**Exercise goal**
Set the data down once more, exactly as it is written.

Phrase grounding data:
-- Opening Marker --

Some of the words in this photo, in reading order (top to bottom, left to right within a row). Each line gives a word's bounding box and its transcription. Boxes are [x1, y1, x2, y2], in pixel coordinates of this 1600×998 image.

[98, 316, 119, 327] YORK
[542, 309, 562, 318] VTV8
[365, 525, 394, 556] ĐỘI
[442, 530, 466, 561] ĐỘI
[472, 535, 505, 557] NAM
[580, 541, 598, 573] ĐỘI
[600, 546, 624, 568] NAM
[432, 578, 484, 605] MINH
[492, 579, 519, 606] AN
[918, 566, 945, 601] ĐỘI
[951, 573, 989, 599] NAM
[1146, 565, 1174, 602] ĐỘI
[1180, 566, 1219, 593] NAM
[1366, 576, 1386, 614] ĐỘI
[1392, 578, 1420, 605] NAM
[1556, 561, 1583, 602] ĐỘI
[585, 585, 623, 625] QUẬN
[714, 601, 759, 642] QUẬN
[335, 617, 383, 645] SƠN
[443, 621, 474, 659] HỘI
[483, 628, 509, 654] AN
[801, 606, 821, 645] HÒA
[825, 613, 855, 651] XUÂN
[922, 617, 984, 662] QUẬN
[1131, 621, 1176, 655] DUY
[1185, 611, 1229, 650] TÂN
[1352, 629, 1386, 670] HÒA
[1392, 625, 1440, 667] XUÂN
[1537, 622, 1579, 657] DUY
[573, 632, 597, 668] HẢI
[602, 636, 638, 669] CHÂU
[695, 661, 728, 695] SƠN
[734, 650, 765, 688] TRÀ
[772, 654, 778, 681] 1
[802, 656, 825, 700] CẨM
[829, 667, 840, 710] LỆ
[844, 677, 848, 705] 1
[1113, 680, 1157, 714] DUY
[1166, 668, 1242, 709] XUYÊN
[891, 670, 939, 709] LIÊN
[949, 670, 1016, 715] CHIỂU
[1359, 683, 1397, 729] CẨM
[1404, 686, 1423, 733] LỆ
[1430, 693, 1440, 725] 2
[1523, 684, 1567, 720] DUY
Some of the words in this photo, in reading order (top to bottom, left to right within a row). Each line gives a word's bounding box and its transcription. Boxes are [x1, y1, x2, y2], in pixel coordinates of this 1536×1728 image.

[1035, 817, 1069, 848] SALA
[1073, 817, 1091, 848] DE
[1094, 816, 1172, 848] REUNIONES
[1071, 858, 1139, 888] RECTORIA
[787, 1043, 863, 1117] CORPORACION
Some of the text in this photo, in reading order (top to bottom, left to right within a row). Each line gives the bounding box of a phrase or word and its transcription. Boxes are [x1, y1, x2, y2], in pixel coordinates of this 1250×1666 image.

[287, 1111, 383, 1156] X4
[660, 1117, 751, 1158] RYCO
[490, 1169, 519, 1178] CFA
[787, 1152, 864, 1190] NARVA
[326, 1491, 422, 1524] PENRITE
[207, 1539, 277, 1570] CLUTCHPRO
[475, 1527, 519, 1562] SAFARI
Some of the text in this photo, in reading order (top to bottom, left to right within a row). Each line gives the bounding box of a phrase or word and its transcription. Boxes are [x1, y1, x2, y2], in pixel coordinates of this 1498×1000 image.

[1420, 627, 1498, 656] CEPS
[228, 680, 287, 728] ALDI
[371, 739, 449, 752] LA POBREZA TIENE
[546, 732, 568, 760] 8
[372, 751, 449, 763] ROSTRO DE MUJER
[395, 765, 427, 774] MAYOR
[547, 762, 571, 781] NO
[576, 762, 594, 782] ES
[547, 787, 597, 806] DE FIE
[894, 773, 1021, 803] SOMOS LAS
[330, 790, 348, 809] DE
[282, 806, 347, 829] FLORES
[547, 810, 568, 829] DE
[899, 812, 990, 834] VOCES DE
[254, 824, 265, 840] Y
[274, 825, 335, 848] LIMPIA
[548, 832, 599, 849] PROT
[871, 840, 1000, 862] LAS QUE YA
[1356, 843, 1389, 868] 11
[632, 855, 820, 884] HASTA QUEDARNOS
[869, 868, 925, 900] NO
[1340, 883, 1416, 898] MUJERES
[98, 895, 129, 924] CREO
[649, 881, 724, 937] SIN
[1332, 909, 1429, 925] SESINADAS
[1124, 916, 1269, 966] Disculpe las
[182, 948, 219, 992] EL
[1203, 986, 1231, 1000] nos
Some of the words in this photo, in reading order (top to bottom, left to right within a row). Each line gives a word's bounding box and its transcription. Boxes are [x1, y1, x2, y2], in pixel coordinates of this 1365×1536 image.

-- Closing Marker --

**Your response**
Some of the words in this photo, in reading order (top to bottom, left to right within a row). Each line gives a word's bounding box and its transcription. Boxes are [x1, y1, x2, y2], in pixel coordinates of this 1600×998 image.

[98, 316, 119, 327] YORK
[542, 309, 562, 318] VTV8
[365, 525, 394, 556] ĐỘI
[442, 530, 466, 561] ĐỘI
[472, 535, 505, 557] NAM
[580, 541, 598, 573] ĐỘI
[600, 546, 624, 568] NAM
[432, 578, 484, 605] MINH
[492, 579, 519, 606] AN
[918, 566, 945, 601] ĐỘI
[951, 573, 989, 599] NAM
[1146, 565, 1174, 602] ĐỘI
[1180, 566, 1219, 593] NAM
[1366, 576, 1386, 614] ĐỘI
[1392, 578, 1420, 605] NAM
[1556, 561, 1583, 602] ĐỘI
[585, 585, 623, 625] QUẬN
[714, 601, 759, 642] QUẬN
[335, 617, 383, 645] SƠN
[443, 621, 474, 659] HỘI
[483, 628, 509, 654] AN
[801, 606, 821, 645] HÒA
[825, 613, 855, 651] XUÂN
[922, 617, 984, 662] QUẬN
[1131, 621, 1176, 655] DUY
[1185, 611, 1229, 650] TÂN
[1352, 629, 1386, 670] HÒA
[1392, 625, 1440, 667] XUÂN
[1537, 622, 1579, 657] DUY
[573, 632, 597, 668] HẢI
[602, 636, 638, 669] CHÂU
[695, 661, 728, 695] SƠN
[734, 650, 765, 688] TRÀ
[772, 654, 778, 681] 1
[802, 656, 825, 700] CẨM
[829, 667, 840, 710] LỆ
[844, 677, 848, 705] 1
[1113, 680, 1157, 714] DUY
[1166, 668, 1242, 709] XUYÊN
[891, 670, 939, 709] LIÊN
[949, 670, 1016, 715] CHIỂU
[1359, 683, 1397, 729] CẨM
[1404, 686, 1423, 733] LỆ
[1430, 693, 1440, 725] 2
[1523, 684, 1567, 720] DUY
Some of the words in this photo, in reading order (top to bottom, left to right within a row). Each line gives a word's bounding box and its transcription. Boxes are [x1, y1, x2, y2], in pixel coordinates of this 1536×1728 image.

[1035, 817, 1069, 848] SALA
[1073, 817, 1091, 848] DE
[1094, 816, 1172, 848] REUNIONES
[1071, 858, 1139, 888] RECTORIA
[787, 1043, 863, 1117] CORPORACION
Some of the text in this photo, in reading order (top to bottom, left to right within a row). Each line gives the bounding box of a phrase or word and its transcription. Boxes are [x1, y1, x2, y2], in pixel coordinates of this 1250×1666 image.

[287, 1111, 383, 1156] X4
[660, 1117, 751, 1158] RYCO
[490, 1169, 519, 1178] CFA
[787, 1152, 864, 1190] NARVA
[326, 1491, 422, 1524] PENRITE
[207, 1539, 277, 1570] CLUTCHPRO
[475, 1527, 519, 1562] SAFARI
Some of the text in this photo, in reading order (top to bottom, left to right within a row). Each line gives the bounding box of a phrase or word and its transcription. Boxes are [x1, y1, x2, y2], in pixel coordinates of this 1498×1000 image.

[1420, 627, 1498, 656] CEPS
[228, 680, 287, 728] ALDI
[371, 739, 449, 752] LA POBREZA TIENE
[546, 732, 568, 760] 8
[372, 751, 449, 763] ROSTRO DE MUJER
[395, 765, 427, 774] MAYOR
[547, 762, 571, 781] NO
[576, 762, 594, 782] ES
[547, 787, 597, 806] DE FIE
[894, 773, 1021, 803] SOMOS LAS
[330, 790, 348, 809] DE
[282, 806, 347, 829] FLORES
[547, 810, 568, 829] DE
[899, 812, 990, 834] VOCES DE
[254, 824, 265, 840] Y
[274, 825, 335, 848] LIMPIA
[548, 832, 599, 849] PROT
[871, 840, 1000, 862] LAS QUE YA
[1356, 843, 1389, 868] 11
[632, 855, 820, 884] HASTA QUEDARNOS
[869, 868, 925, 900] NO
[1340, 883, 1416, 898] MUJERES
[98, 895, 129, 924] CREO
[649, 881, 724, 937] SIN
[1332, 909, 1429, 925] SESINADAS
[1124, 916, 1269, 966] Disculpe las
[182, 948, 219, 992] EL
[1203, 986, 1231, 1000] nos
Some of the words in this photo, in reading order (top to bottom, left to right within a row). Each line gives a word's bounding box and its transcription. Boxes are [x1, y1, x2, y2], in pixel coordinates of this 1365×1536 image.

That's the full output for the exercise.